|BOOKS BOUGHT||BOOKS READ/READING|
|Articles of Faith Russell Brand||Shakespeare Wrote for Money Nick Hornby|
|Bengal’s Heart (Breeds) Lora Leigh||Satyricon Petronious|
|Dangerous Passion Lisa Marie Rice||Outlaw Elizabeth Lowell|
|Real Men Last All Night Anthology||MY BOOK HOUSE Olive Beaupre Miller|
|One Continuous Mistake : Four Noble Truths for Writers Gail Sher||The Thinking Fan’s Guide to The World Cup|
|The Grammar Plan Book: A Guide to Smart Teaching||NCTE Language Arts journal|
|Teaching Composition: Background Readings (Bedford/St. Martin’s Professional Resources)|
Late August 2009
I’m cheating a little bit because I put the blog stuff in my BooksRead column. But it’s logical, don’t you think? I’ve read them before and I thought it might seem a bit poncey to do an extra column BOOKS READ AND BLOGGED. Sounds a bit overkill-ish, if you ask me.

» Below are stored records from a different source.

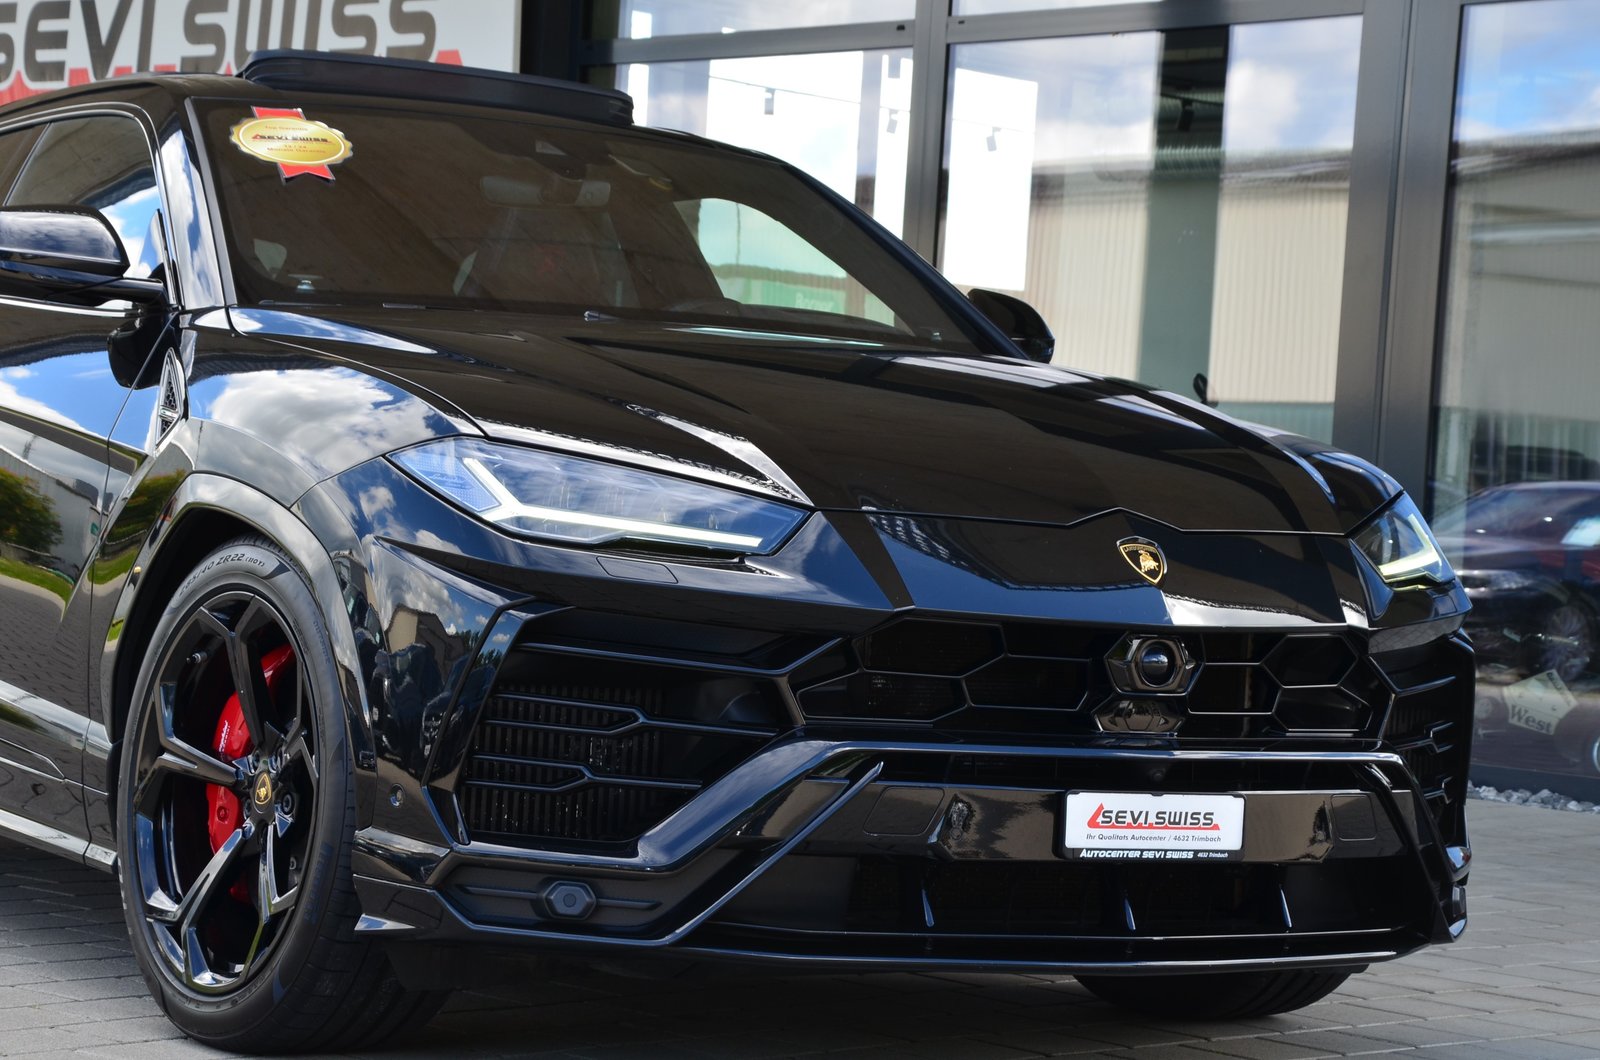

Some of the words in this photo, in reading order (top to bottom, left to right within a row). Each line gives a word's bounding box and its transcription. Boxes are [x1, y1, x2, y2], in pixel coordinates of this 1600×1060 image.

[180, 0, 437, 72] SWISS
[215, 553, 246, 566] ZR22
[1510, 704, 1553, 734] West
[1100, 809, 1150, 826] SEVI
[1154, 811, 1215, 827] SWISS
[1130, 834, 1166, 842] Autocenter
[1191, 835, 1222, 843] Trimbach
[1141, 850, 1165, 860] SEVI
[1165, 850, 1195, 860] SWISS
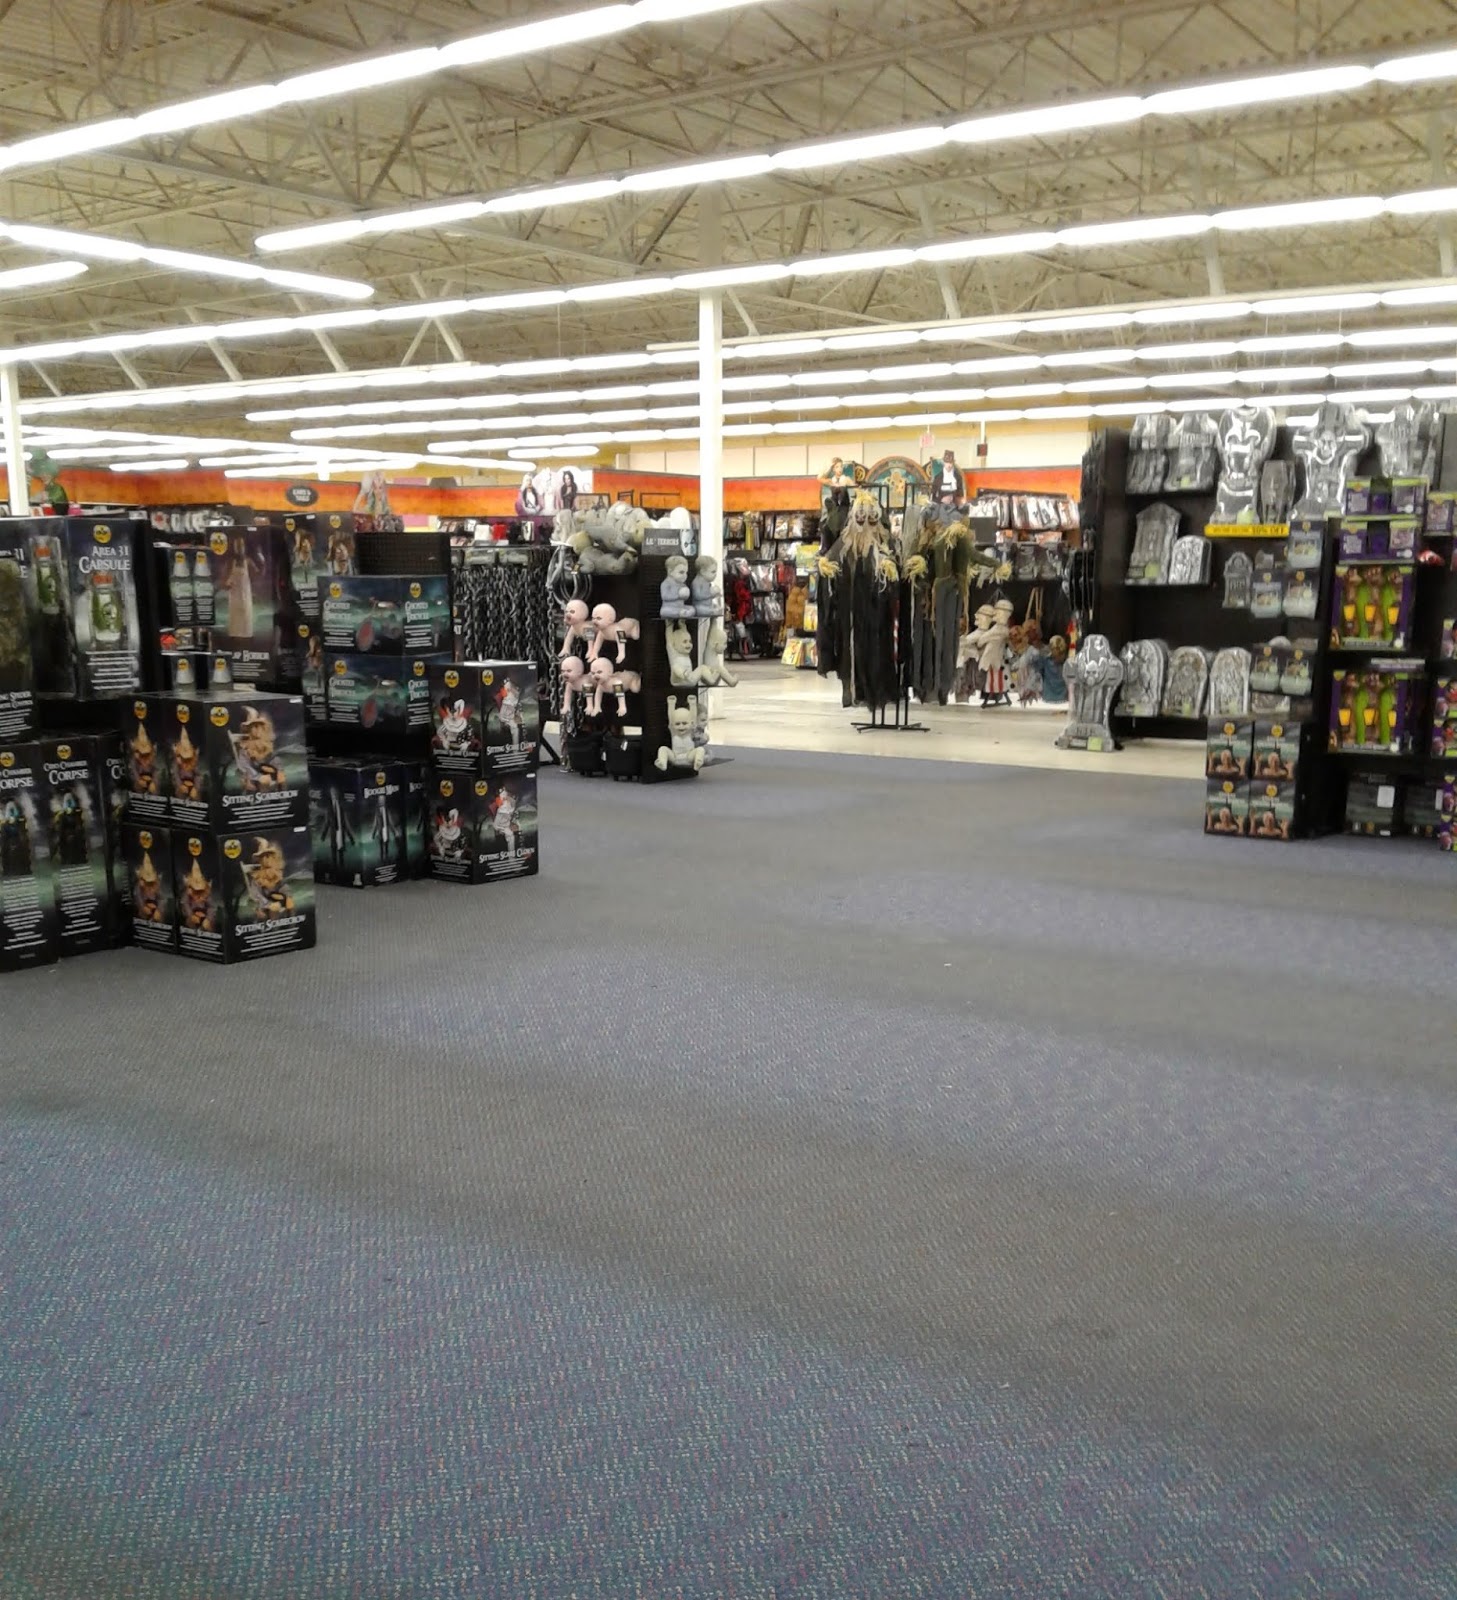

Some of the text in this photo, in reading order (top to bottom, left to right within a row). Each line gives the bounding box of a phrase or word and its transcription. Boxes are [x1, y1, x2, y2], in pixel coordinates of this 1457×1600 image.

[92, 545, 116, 557] AREA
[79, 556, 131, 573] CAPSULE
[486, 745, 505, 756] SITTING
[48, 768, 89, 785] CORPSE
[222, 794, 253, 807] SITTING
[255, 789, 299, 804] SCARECROW
[479, 852, 500, 864] SITTING
[235, 922, 264, 937] SITTING
[265, 914, 307, 931] SCARECROW
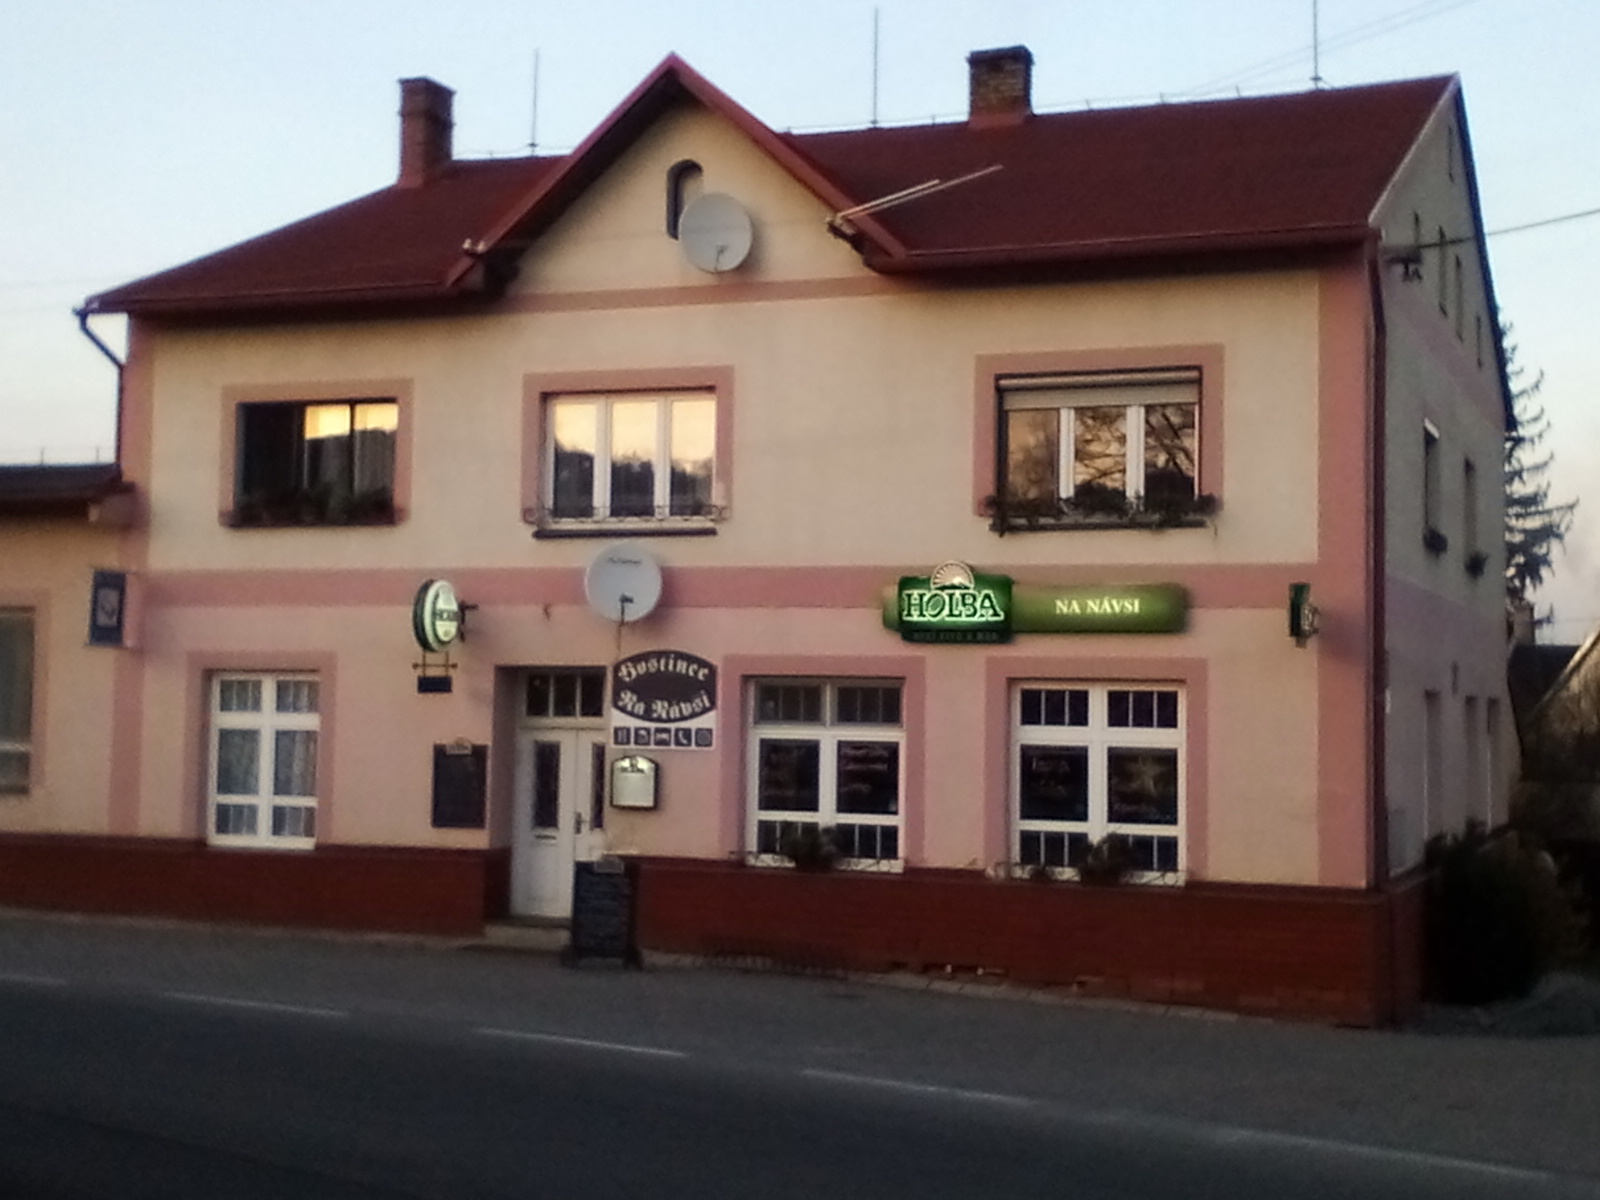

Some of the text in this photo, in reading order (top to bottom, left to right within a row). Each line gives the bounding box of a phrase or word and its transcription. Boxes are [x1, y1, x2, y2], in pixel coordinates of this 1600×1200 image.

[902, 589, 1005, 621] HOLBA
[1055, 596, 1140, 615] NA NÁVSI
[618, 653, 709, 682] Hostinec
[617, 689, 646, 716] Na
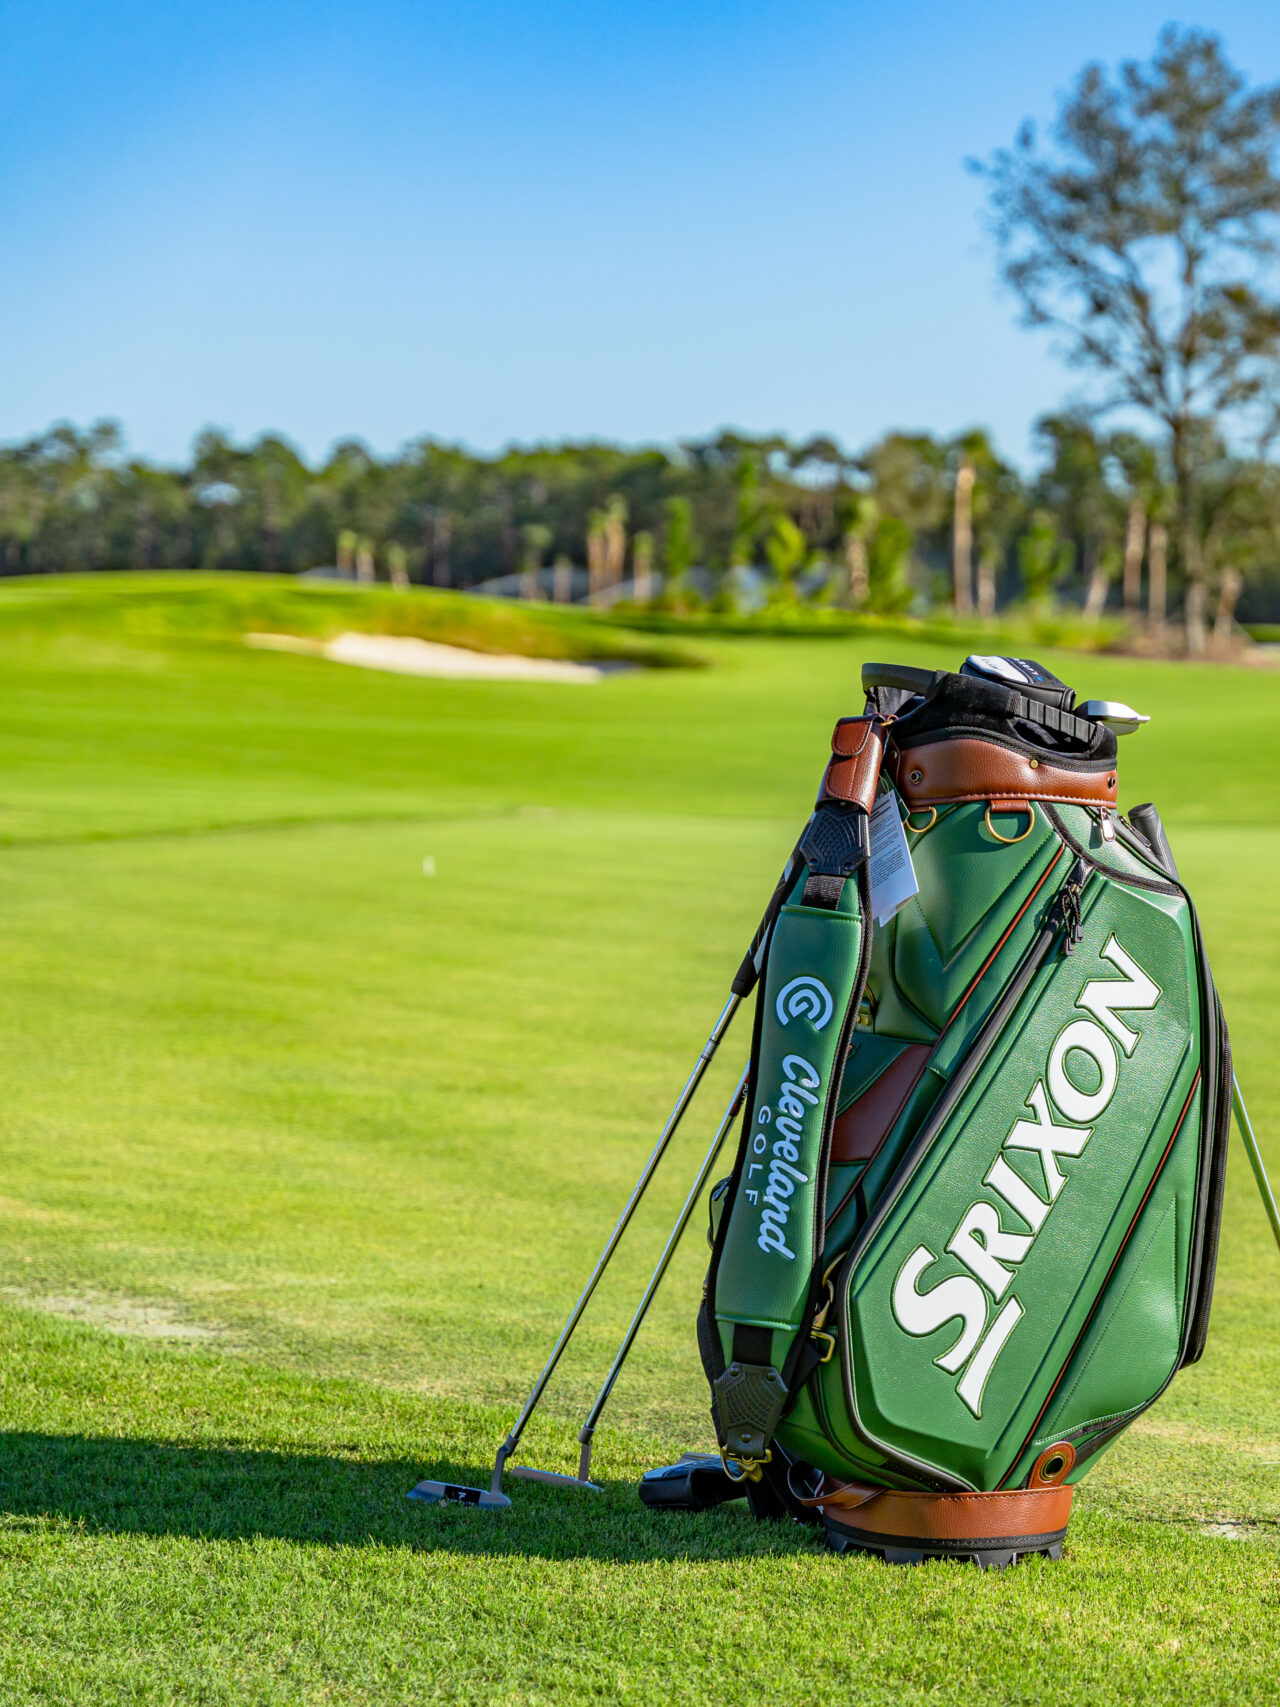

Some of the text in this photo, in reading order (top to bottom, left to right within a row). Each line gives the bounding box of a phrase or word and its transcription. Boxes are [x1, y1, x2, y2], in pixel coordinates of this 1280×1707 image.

Whatever is in my purse (SW4M) takes me a long time to finish. I carried my pocket Loeb for a year — like a baby that refused to be born. I probably need to stop carrying books that make me laugh out loud. I’m already enough of an oddball for reading in public as it is. 80 million people around the world do it, yet I’M THE WEIRDO! I feel like the socialist peasant in Monty Python and The Holy Grail. Maybe if some watery tart handed me a sword, I could slash my way though the unwashed masses. "The peasants are revolting!" But I digress…
Satyricon, as I found out in the plump introduction, is a play on words about four levels deep. That’s my kinda word! Something you can really sink your teeth into. What it was doing in my parent’s closet I’ll never know, but it’s mine now. There’s a movie out called YEAR ONE. From the commercials, I get the impression it’s a re-telling of Satyricon, but with way worse dialogue. Or maybe it’s the same dialogue, but it sounds more interesting in vulgar Latin. Foreign languages are fun like that. For example, in this Spanish-language soap opera Sortilegio, the hero often refers to his wife as "mi mujer". If you translate that directly, it means "my woman". Kinda sexy, that. However, the proper translation is "my woman-wife". Sounds like a Waylon Jennings song. Or… it sounds like he traded some goats for her.
Outlaw I have read about a dozen times since 1993. It’s a last-gasp of the old-school where a woman’s first sexual experience is a rape. I never understood why what was such a popular theme, especially since women were writing the books. Then they fell in love with the men who assaulted them??? WTF!! It’s the 1990s, not the 1790s. Anyway, I didn’t keep it because of the love scenes, I kept it because I liked all the characters and Lowell’s special touch with Old and New West/ranching themes. Think about it — ranch life is hard and dreary and unglamorous. And if the author can STILL make you like it, that’s amazing. And if you’re tempted to scoff at that, go right ahead. Loser.
This book was part 2 of a 4-part series. The McKenzie-Blackthorn series by Elizabeth Lowell. (There will never be a story for Utah. EL has moved way on!) Click here for the post on this series or click on the Books in Exile category.
The only thing missing from my BooksBought list is a humor book — unless you count Articles of Faith. That’s a soccer book which just happens to be funny. I’m saving that for my soccer book series. Picked up some professional books. They’re very stimulating, intellectually. I have my favorites and tend to get books whose pedagogy and practices run along the same lines. That being the case, it’s important not to get stuck in a groove.
I’ve done more blogging these last two weeks than I did in all of June. I do a lot of writing for escapism, and this is where a lot of it ends up. Lucky you!